(Items from a data source)

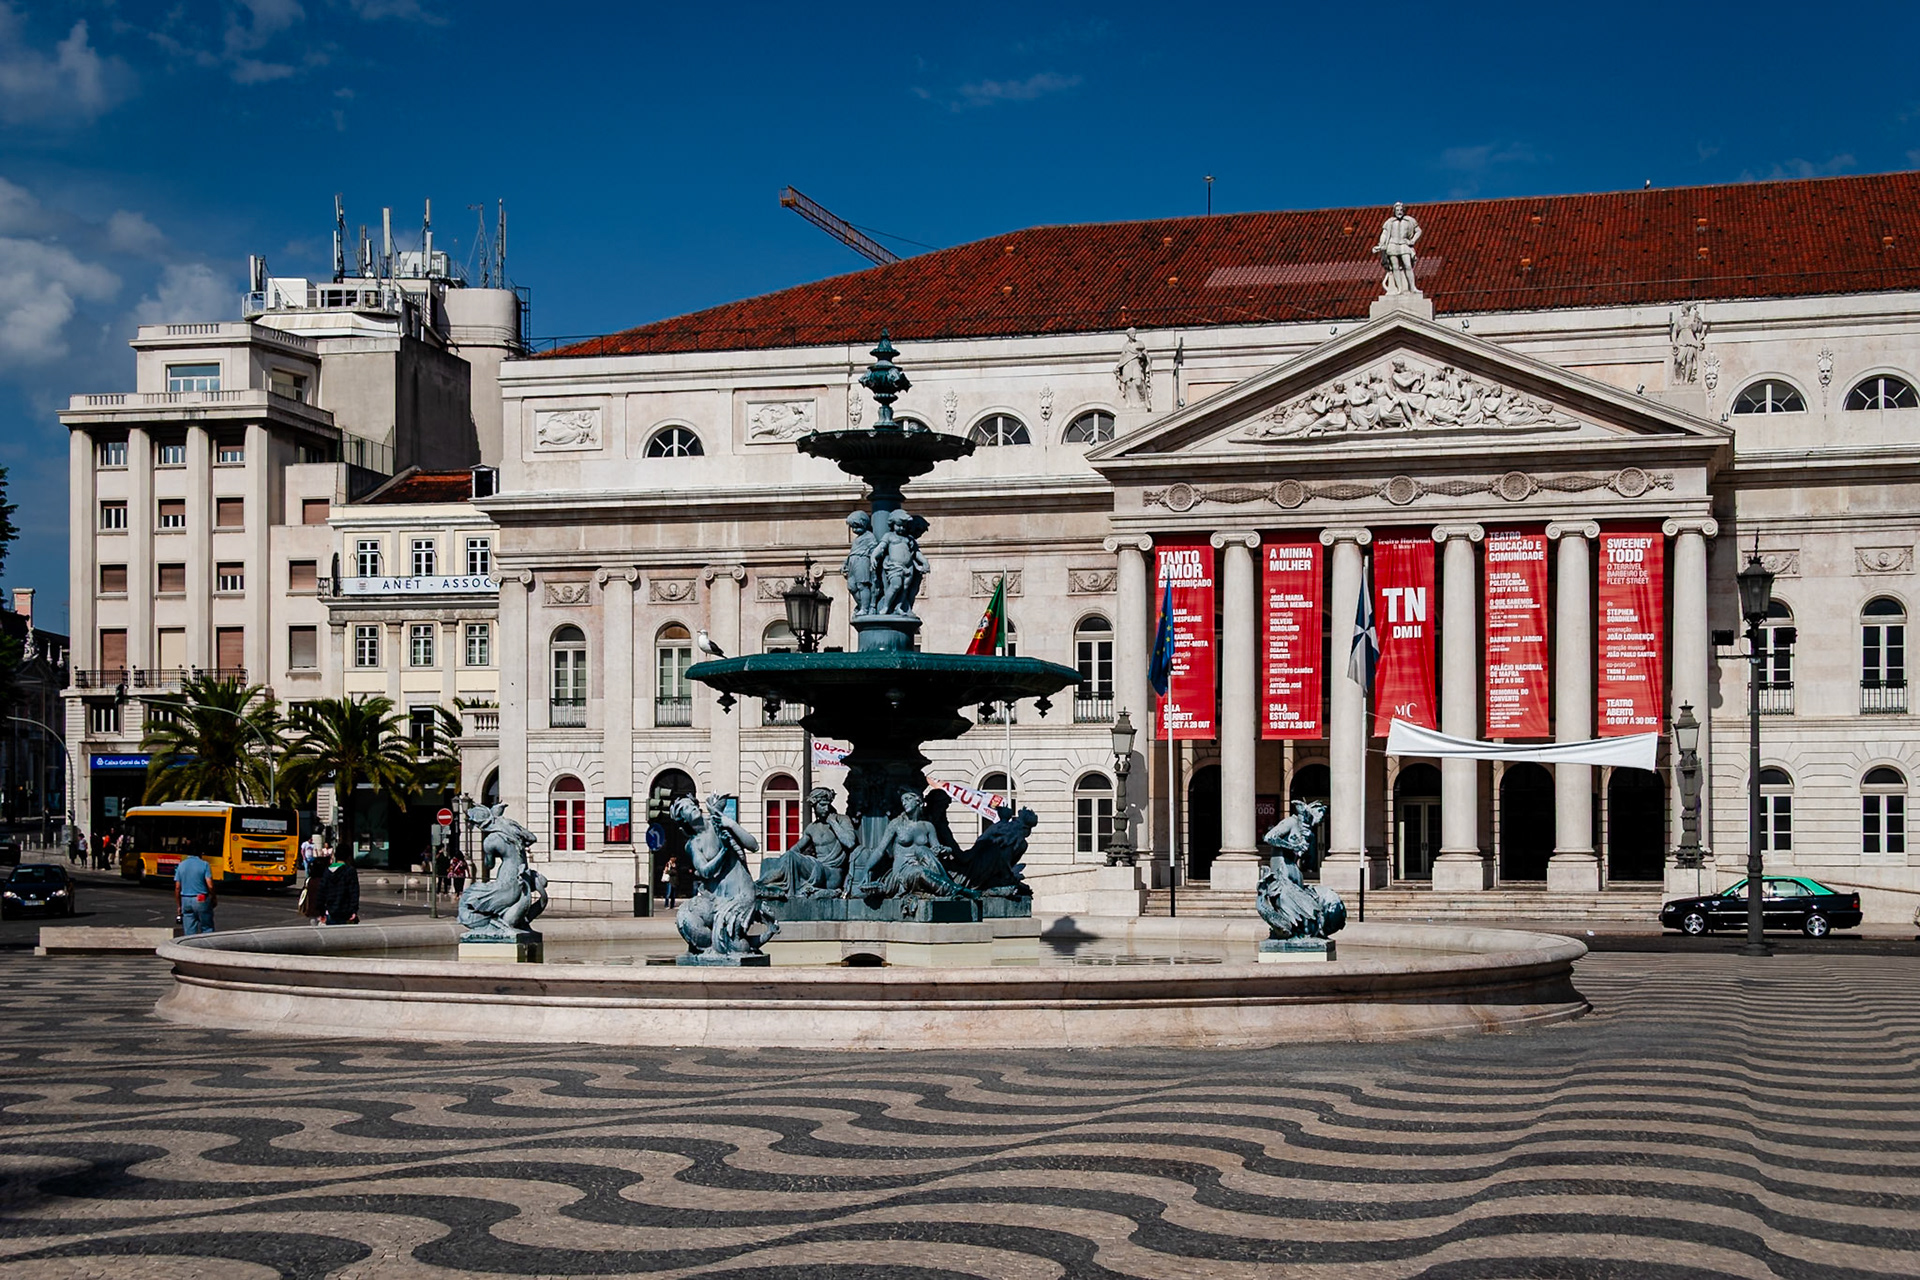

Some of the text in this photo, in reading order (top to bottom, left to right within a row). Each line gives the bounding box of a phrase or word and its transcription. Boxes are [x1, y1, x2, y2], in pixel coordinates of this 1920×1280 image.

[1489, 532, 1520, 540] TEATRO
[1489, 540, 1541, 552] EDUCAÇÃO E
[1607, 538, 1652, 548] SWEENEY
[1159, 550, 1200, 564] TANTO
[1270, 548, 1313, 559] A MINHA
[1489, 552, 1544, 561] COMUNIDADE
[1607, 549, 1643, 563] TODD
[1159, 564, 1203, 578] AMOR
[1270, 560, 1311, 571] MULHER
[383, 580, 421, 589] ANET
[1382, 587, 1426, 622] TN
[1270, 710, 1300, 720] ESTÚDIO
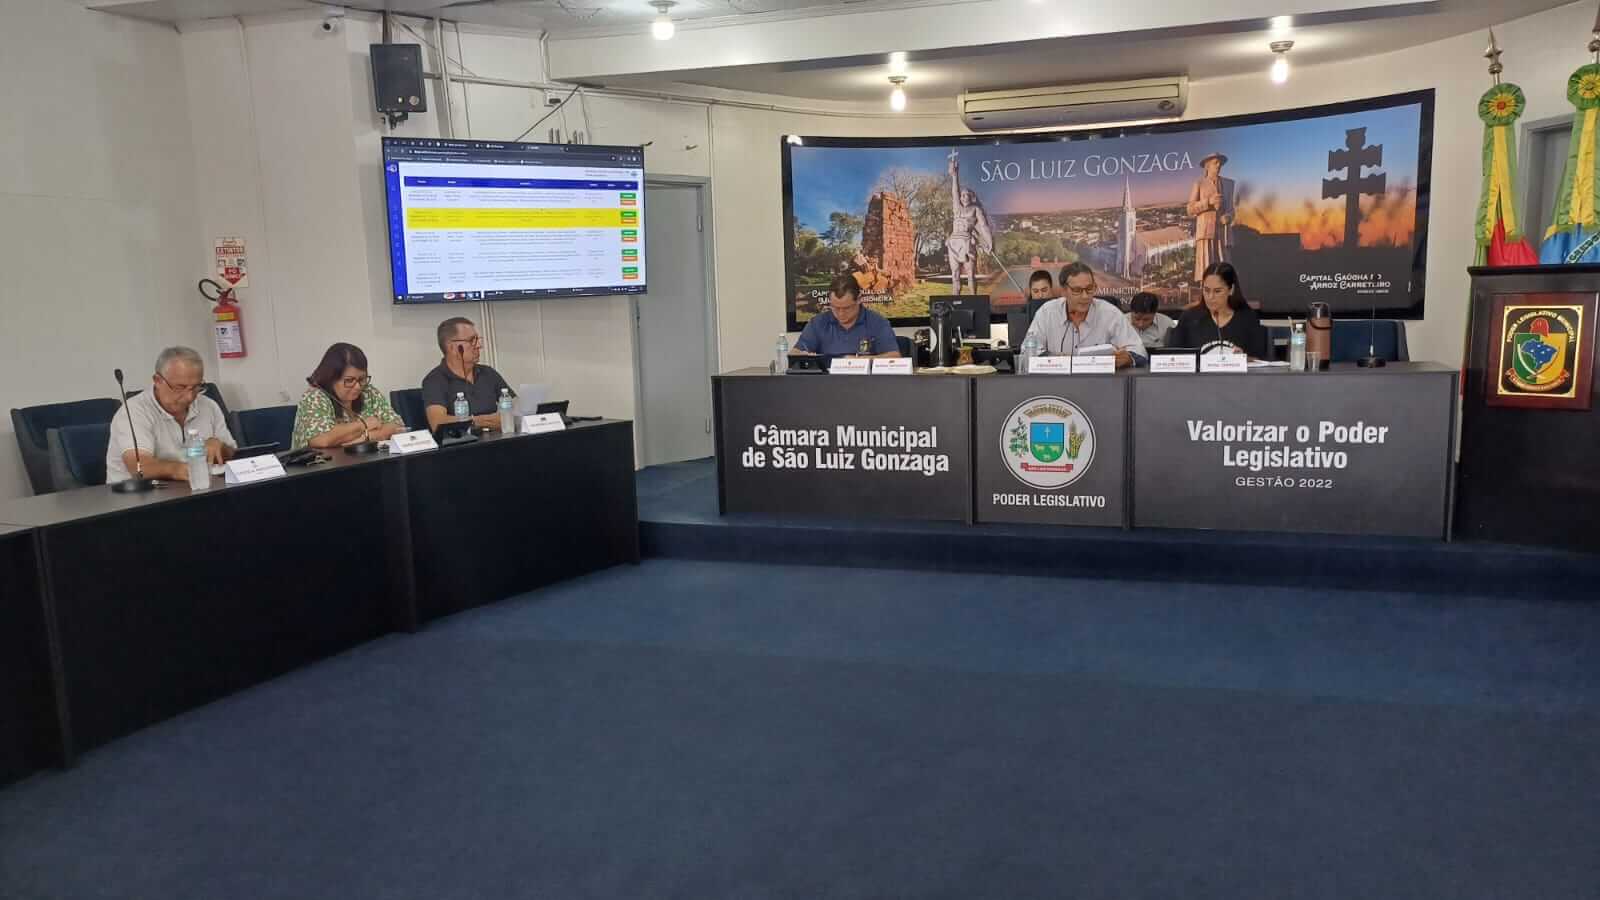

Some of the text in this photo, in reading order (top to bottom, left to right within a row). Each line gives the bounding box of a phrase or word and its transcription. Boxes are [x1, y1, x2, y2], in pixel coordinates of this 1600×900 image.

[980, 151, 1194, 182] SÃO LUIZ GONZAGA
[1299, 273, 1333, 282] CAPITAL
[1310, 281, 1338, 290] ARROZ
[753, 424, 937, 453] Câmara Municipal
[1187, 420, 1389, 444] Valorizar o Poder
[742, 446, 950, 476] de São Luiz Gonzaga
[1223, 445, 1348, 471] Legislativo
[1235, 475, 1334, 489] GESTÃO 2022
[992, 493, 1106, 508] PODER LEGISLATIVO
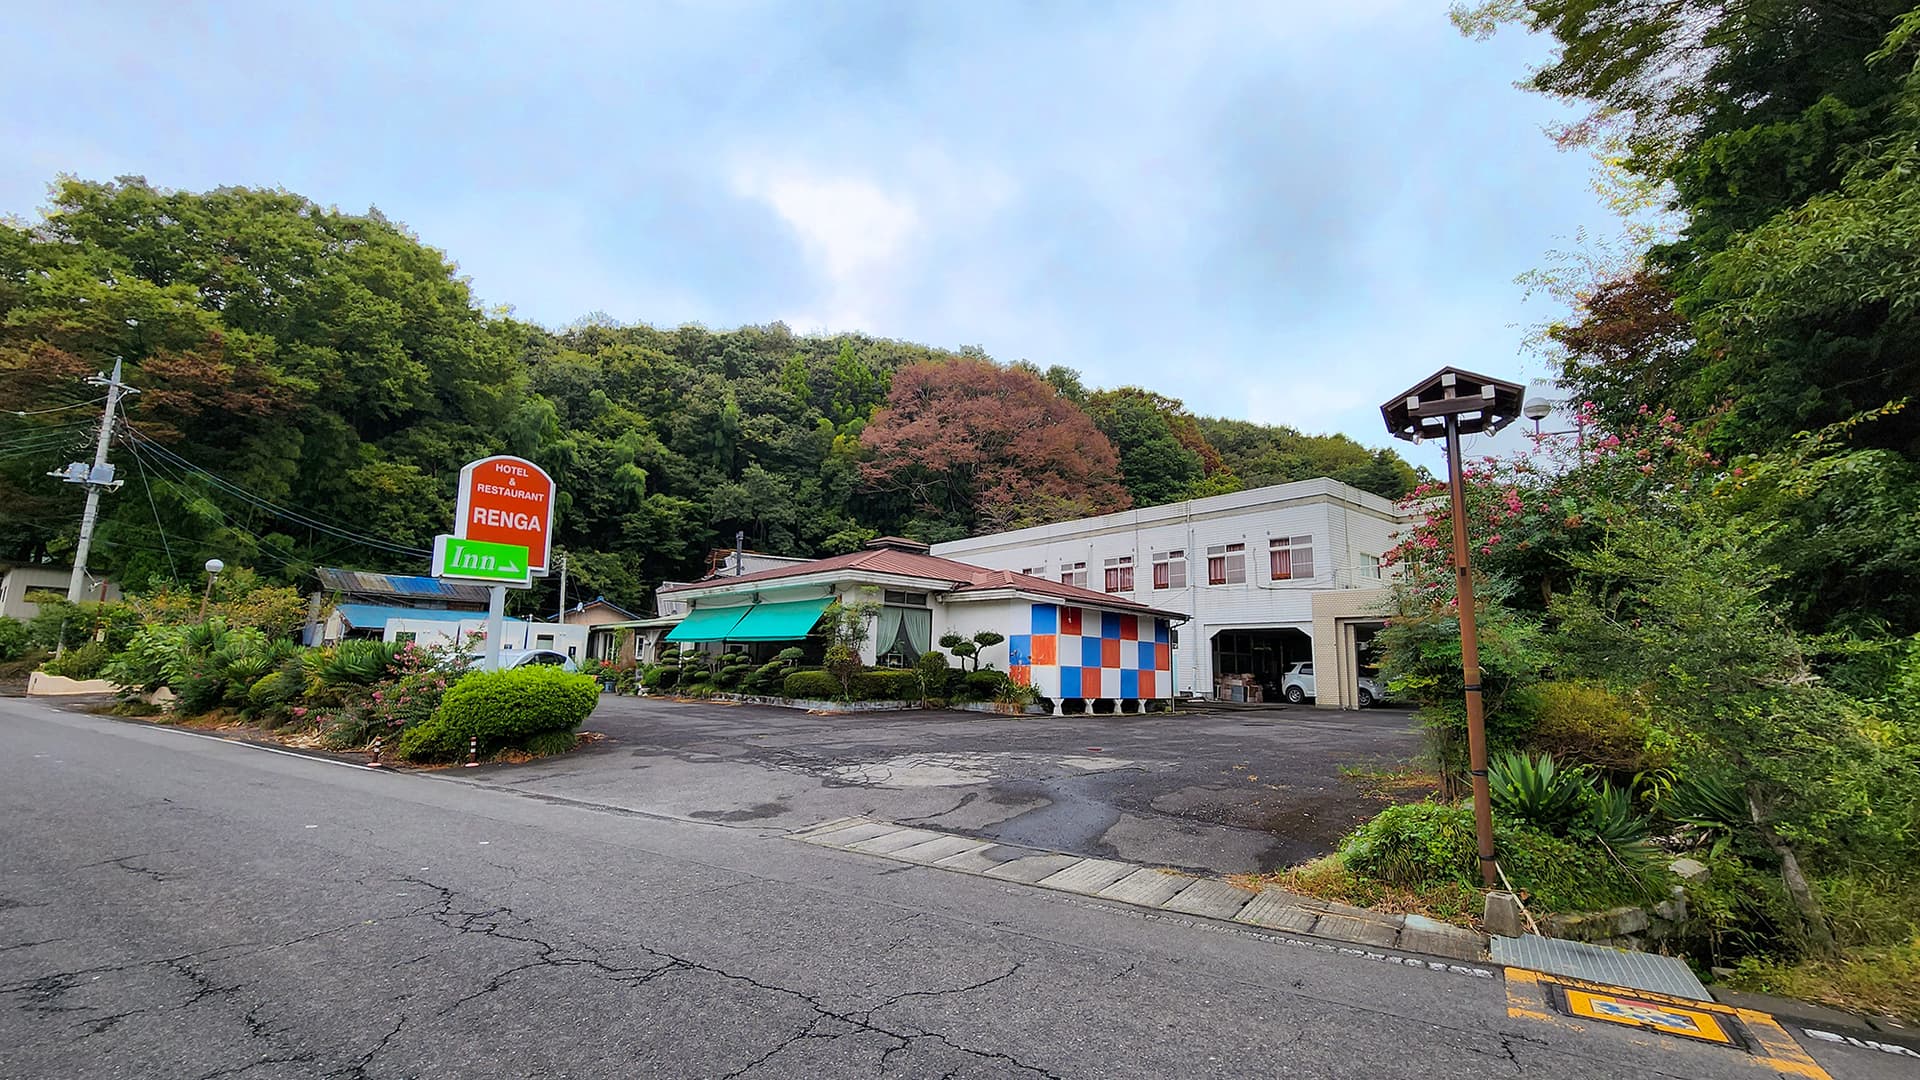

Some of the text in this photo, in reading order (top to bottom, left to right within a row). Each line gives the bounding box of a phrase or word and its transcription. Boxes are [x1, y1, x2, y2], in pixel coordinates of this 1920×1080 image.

[496, 464, 528, 477] HOTEL
[508, 478, 516, 486] &
[477, 483, 545, 502] RESTAURANT
[473, 507, 542, 532] RENGA
[450, 545, 497, 571] Inn

__Work task__:
Once the line with "this 1920×1080 image." is found, transcribe it and each line after it through the final line of the entries, exactly and only.

__Solution__:
Some of the text in this photo, in reading order (top to bottom, left to right within a row). Each line gives the bounding box of a phrase or word and its transcription. Boxes are [x1, y1, x2, y2], in pixel coordinates of this 1920×1080 image.

[496, 464, 528, 477] HOTEL
[508, 478, 516, 486] &
[477, 483, 545, 502] RESTAURANT
[473, 507, 542, 532] RENGA
[450, 545, 497, 571] Inn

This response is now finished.